Since 2012, we've been developing a residency program. One of my favorite cities is Satka in the Chelyabinsk region, where Magnezit corporation is located. It's a small town of 40,000 people. In 2021, Vasily Kononov-Gredin's Garden of Stones, an installation consisting of 250 mirrors, appeared in the quarry there. And now the quarry has turned into an art park. All Satka locals go there for leisure. Now, the fact that art has been accepted by the people on whose land it stood, is of real importance. One residency project can turn the tide for the whole place.

Where to find inspiration?

Artist Leonid Tishkov once said: ‘Real art comes out of the gut.’ Which I think holds true for the Ural Industrial Biennale which sprouts from the gut, surfaces from a local, deep history. Due to this, it is robust, stable and harbors a lot of inner energy to persevere, change, and develop.

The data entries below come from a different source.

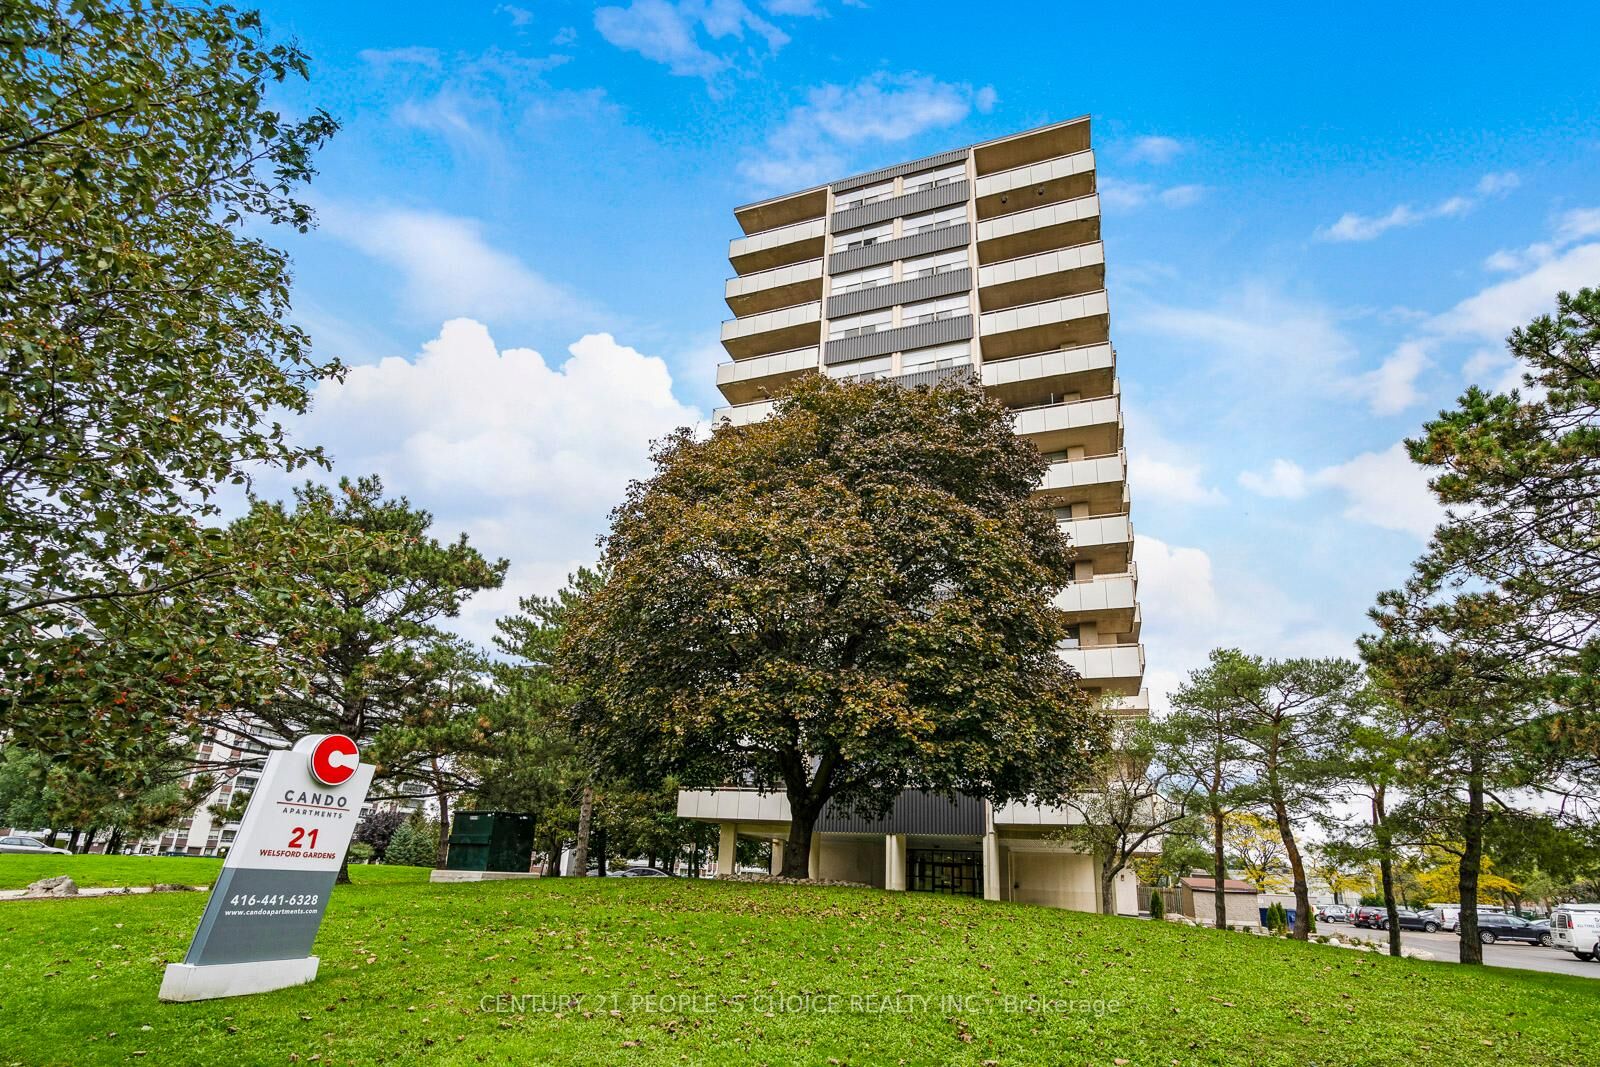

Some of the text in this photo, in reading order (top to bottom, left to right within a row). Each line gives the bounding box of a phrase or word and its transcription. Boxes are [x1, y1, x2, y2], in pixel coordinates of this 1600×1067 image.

[313, 734, 357, 784] C
[284, 790, 347, 807] CANDO
[282, 807, 343, 819] APARTMENTS
[288, 827, 319, 849] 21
[260, 849, 336, 860] WELSFORD GARDENS
[230, 895, 319, 906] 416-441-6328
[224, 908, 318, 917] www.candoapartments.com

What is harder: to begin or to carry on?

A second iteration of a signature project is always more difficult to produce from all perspectives. It seems not daring enough as when you're doing something for the first time. It is like you’ve been there; you’ve done that.

The art of anticipation

An important detail about all large-scale undertakings:  it’s better when a big project is not just a heavyweight that breaks its way to the news agenda, but when it’s a heavyweight with a sensitive nature and a highly developed intuition. We produced a theme of the 2021 Biennale in January 2020: ‘There’s time to embrace and evade embrace,’ and you know what happened in March 2020. We were all locked down. The audience sees that kind of anticipation, and starts trusting you more.

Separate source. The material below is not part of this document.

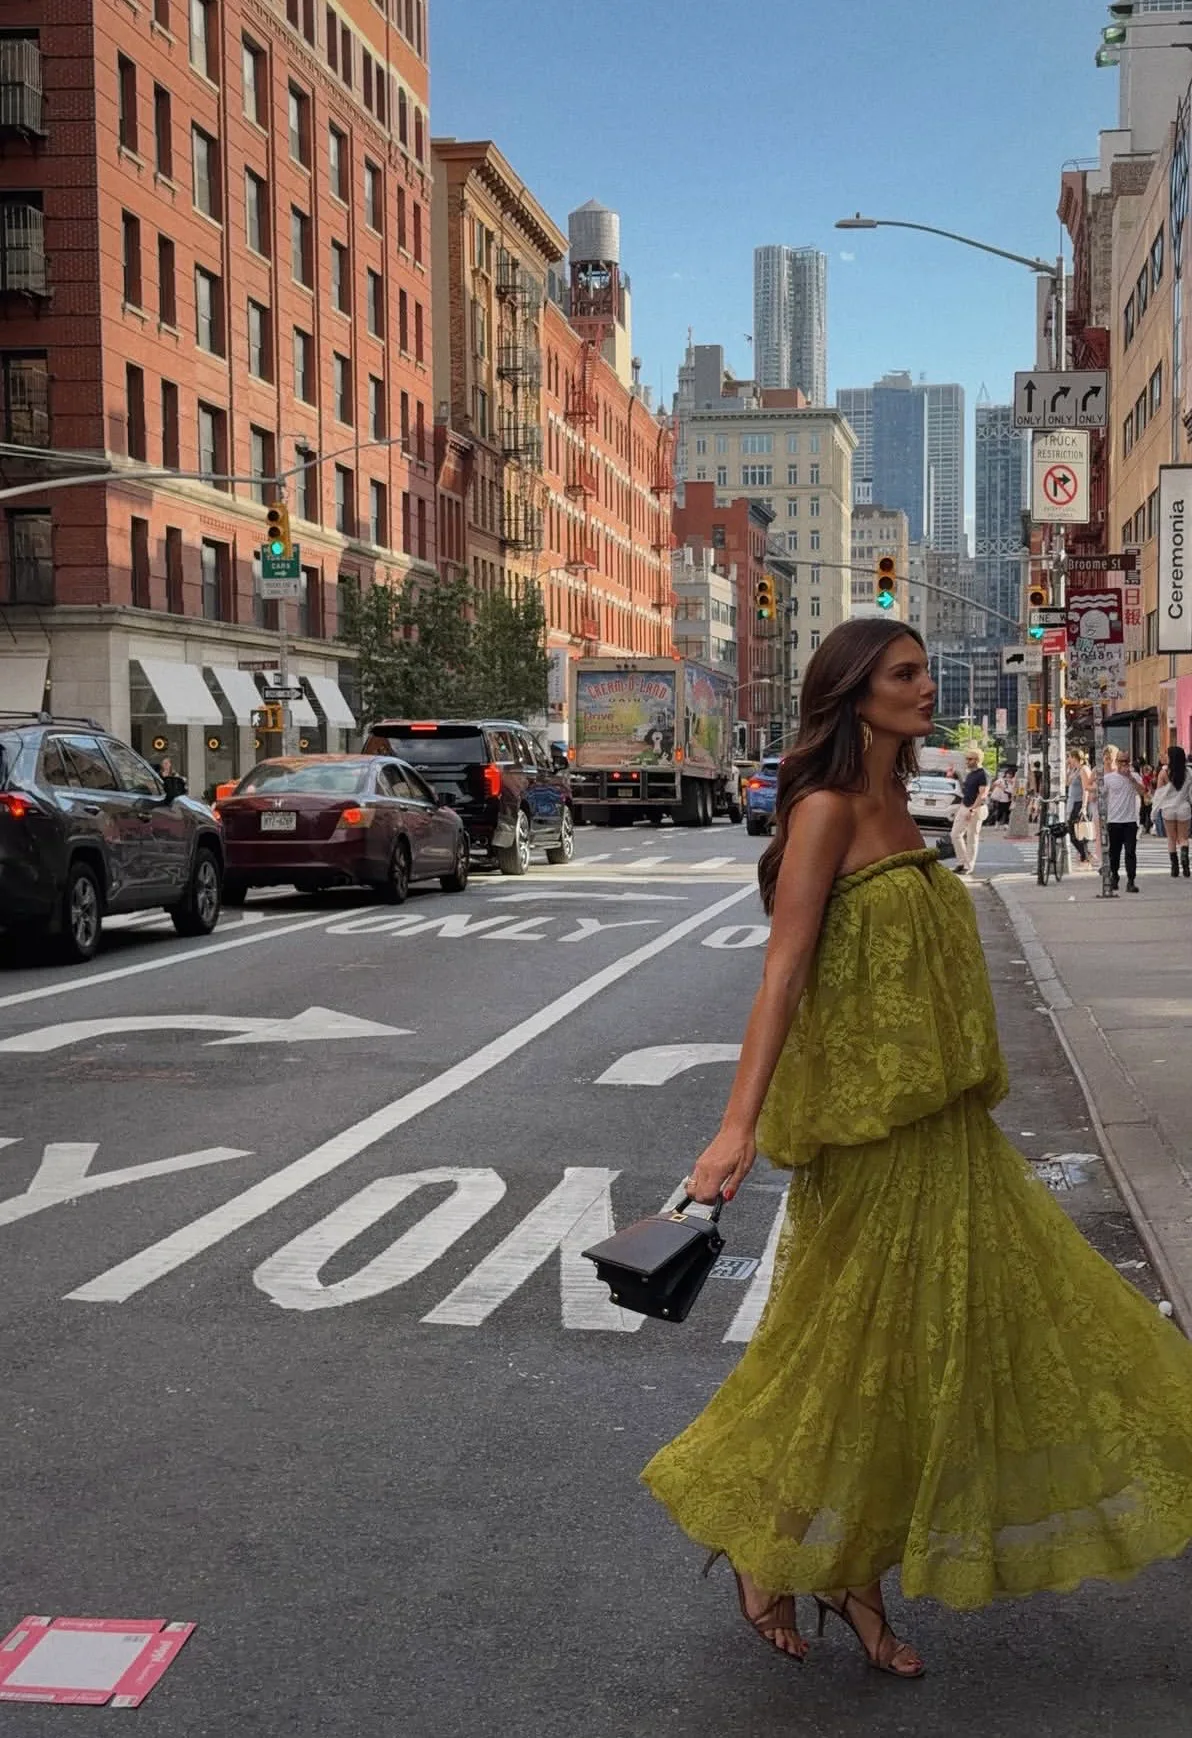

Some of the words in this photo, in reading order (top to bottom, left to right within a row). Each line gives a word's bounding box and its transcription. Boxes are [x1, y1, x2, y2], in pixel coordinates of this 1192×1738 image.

On the benefits of the Biennale format

The Biennale format allows you to say, ‘We don't want a large-scale project anymore, we don't want it. That's how we feel now. We are not entering the same river twice and we can afford not to." And that's so cool! The sheer fact that you can jump from one project to the next, without breaking promises to anyone, and to yourself.

Fear of imperfection

Another problem with a large-scale project is the fear of imperfection. When we nailed it at the Biennale in 2015, I thought, well, that's it, we'll never do better than this. It's a challenge to find something next to improve apart from growing in size. Later we came to realize that we tended to benchmark other endeavors to that one biennale.

When working on large-scale projects like the biennale, it's important to learn to ‘cut things off’ - and do it fearlessly. To go with the flow sometimes and stop worrying about certain things.